THE PROBLEM: Would you please copy out each entry exactly?

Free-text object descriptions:
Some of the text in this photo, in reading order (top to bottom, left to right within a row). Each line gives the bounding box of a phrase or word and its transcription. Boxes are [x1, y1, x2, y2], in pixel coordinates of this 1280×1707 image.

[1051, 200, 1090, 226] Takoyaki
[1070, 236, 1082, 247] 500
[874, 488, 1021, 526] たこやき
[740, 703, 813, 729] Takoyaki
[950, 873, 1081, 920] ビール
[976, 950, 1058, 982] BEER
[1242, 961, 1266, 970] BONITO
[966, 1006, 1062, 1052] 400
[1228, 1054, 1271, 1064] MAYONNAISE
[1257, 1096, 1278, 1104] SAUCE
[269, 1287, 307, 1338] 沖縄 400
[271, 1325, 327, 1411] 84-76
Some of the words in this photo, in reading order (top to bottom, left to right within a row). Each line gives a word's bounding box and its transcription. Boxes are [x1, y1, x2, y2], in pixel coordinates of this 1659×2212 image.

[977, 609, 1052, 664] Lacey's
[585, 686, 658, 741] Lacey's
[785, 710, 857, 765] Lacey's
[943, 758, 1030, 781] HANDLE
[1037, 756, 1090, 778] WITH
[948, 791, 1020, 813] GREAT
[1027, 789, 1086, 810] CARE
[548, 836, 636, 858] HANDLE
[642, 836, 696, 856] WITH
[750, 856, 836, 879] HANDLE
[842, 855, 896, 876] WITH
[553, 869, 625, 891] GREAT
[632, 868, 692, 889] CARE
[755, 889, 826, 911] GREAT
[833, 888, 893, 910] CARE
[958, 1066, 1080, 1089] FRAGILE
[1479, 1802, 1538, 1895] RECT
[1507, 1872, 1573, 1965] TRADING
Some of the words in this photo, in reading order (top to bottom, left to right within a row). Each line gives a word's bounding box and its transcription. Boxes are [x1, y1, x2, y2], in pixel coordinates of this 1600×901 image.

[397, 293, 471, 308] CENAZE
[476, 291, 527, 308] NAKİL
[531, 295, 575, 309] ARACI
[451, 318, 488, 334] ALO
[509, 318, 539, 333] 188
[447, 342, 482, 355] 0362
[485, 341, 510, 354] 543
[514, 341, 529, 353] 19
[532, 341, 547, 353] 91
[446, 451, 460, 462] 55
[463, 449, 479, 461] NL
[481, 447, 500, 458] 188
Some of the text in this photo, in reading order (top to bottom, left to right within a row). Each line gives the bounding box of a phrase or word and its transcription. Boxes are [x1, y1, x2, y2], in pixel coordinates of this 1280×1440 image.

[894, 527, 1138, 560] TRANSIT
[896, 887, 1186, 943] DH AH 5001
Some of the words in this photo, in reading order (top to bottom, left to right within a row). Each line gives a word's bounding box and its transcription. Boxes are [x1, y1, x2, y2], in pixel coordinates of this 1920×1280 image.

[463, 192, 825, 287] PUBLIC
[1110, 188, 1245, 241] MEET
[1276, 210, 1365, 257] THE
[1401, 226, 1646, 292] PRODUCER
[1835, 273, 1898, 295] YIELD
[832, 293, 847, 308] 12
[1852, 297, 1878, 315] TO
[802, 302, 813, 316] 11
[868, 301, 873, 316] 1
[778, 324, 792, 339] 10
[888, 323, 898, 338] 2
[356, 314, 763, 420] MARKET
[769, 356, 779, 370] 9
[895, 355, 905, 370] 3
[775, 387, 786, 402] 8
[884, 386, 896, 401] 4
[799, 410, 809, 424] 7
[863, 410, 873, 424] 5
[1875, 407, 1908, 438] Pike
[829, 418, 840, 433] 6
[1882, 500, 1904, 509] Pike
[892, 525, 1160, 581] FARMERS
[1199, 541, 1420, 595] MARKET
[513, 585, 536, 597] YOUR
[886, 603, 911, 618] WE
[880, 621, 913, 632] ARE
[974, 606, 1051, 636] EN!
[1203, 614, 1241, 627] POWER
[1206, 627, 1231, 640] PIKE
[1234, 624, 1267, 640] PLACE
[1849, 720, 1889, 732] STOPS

WRITTEN RESPONSE:
Some of the text in this photo, in reading order (top to bottom, left to right within a row). Each line gives the bounding box of a phrase or word and its transcription. Boxes are [x1, y1, x2, y2], in pixel coordinates of this 1280×1707 image.

[1051, 200, 1090, 226] Takoyaki
[1070, 236, 1082, 247] 500
[874, 488, 1021, 526] たこやき
[740, 703, 813, 729] Takoyaki
[950, 873, 1081, 920] ビール
[976, 950, 1058, 982] BEER
[1242, 961, 1266, 970] BONITO
[966, 1006, 1062, 1052] 400
[1228, 1054, 1271, 1064] MAYONNAISE
[1257, 1096, 1278, 1104] SAUCE
[269, 1287, 307, 1338] 沖縄 400
[271, 1325, 327, 1411] 84-76
Some of the words in this photo, in reading order (top to bottom, left to right within a row). Each line gives a word's bounding box and its transcription. Boxes are [x1, y1, x2, y2], in pixel coordinates of this 1659×2212 image.

[977, 609, 1052, 664] Lacey's
[585, 686, 658, 741] Lacey's
[785, 710, 857, 765] Lacey's
[943, 758, 1030, 781] HANDLE
[1037, 756, 1090, 778] WITH
[948, 791, 1020, 813] GREAT
[1027, 789, 1086, 810] CARE
[548, 836, 636, 858] HANDLE
[642, 836, 696, 856] WITH
[750, 856, 836, 879] HANDLE
[842, 855, 896, 876] WITH
[553, 869, 625, 891] GREAT
[632, 868, 692, 889] CARE
[755, 889, 826, 911] GREAT
[833, 888, 893, 910] CARE
[958, 1066, 1080, 1089] FRAGILE
[1479, 1802, 1538, 1895] RECT
[1507, 1872, 1573, 1965] TRADING
Some of the words in this photo, in reading order (top to bottom, left to right within a row). Each line gives a word's bounding box and its transcription. Boxes are [x1, y1, x2, y2], in pixel coordinates of this 1600×901 image.

[397, 293, 471, 308] CENAZE
[476, 291, 527, 308] NAKİL
[531, 295, 575, 309] ARACI
[451, 318, 488, 334] ALO
[509, 318, 539, 333] 188
[447, 342, 482, 355] 0362
[485, 341, 510, 354] 543
[514, 341, 529, 353] 19
[532, 341, 547, 353] 91
[446, 451, 460, 462] 55
[463, 449, 479, 461] NL
[481, 447, 500, 458] 188
Some of the text in this photo, in reading order (top to bottom, left to right within a row). Each line gives the bounding box of a phrase or word and its transcription. Boxes are [x1, y1, x2, y2], in pixel coordinates of this 1280×1440 image.

[894, 527, 1138, 560] TRANSIT
[896, 887, 1186, 943] DH AH 5001
Some of the words in this photo, in reading order (top to bottom, left to right within a row). Each line gives a word's bounding box and its transcription. Boxes are [x1, y1, x2, y2], in pixel coordinates of this 1920×1280 image.

[463, 192, 825, 287] PUBLIC
[1110, 188, 1245, 241] MEET
[1276, 210, 1365, 257] THE
[1401, 226, 1646, 292] PRODUCER
[1835, 273, 1898, 295] YIELD
[832, 293, 847, 308] 12
[1852, 297, 1878, 315] TO
[802, 302, 813, 316] 11
[868, 301, 873, 316] 1
[778, 324, 792, 339] 10
[888, 323, 898, 338] 2
[356, 314, 763, 420] MARKET
[769, 356, 779, 370] 9
[895, 355, 905, 370] 3
[775, 387, 786, 402] 8
[884, 386, 896, 401] 4
[799, 410, 809, 424] 7
[863, 410, 873, 424] 5
[1875, 407, 1908, 438] Pike
[829, 418, 840, 433] 6
[1882, 500, 1904, 509] Pike
[892, 525, 1160, 581] FARMERS
[1199, 541, 1420, 595] MARKET
[513, 585, 536, 597] YOUR
[886, 603, 911, 618] WE
[880, 621, 913, 632] ARE
[974, 606, 1051, 636] EN!
[1203, 614, 1241, 627] POWER
[1206, 627, 1231, 640] PIKE
[1234, 624, 1267, 640] PLACE
[1849, 720, 1889, 732] STOPS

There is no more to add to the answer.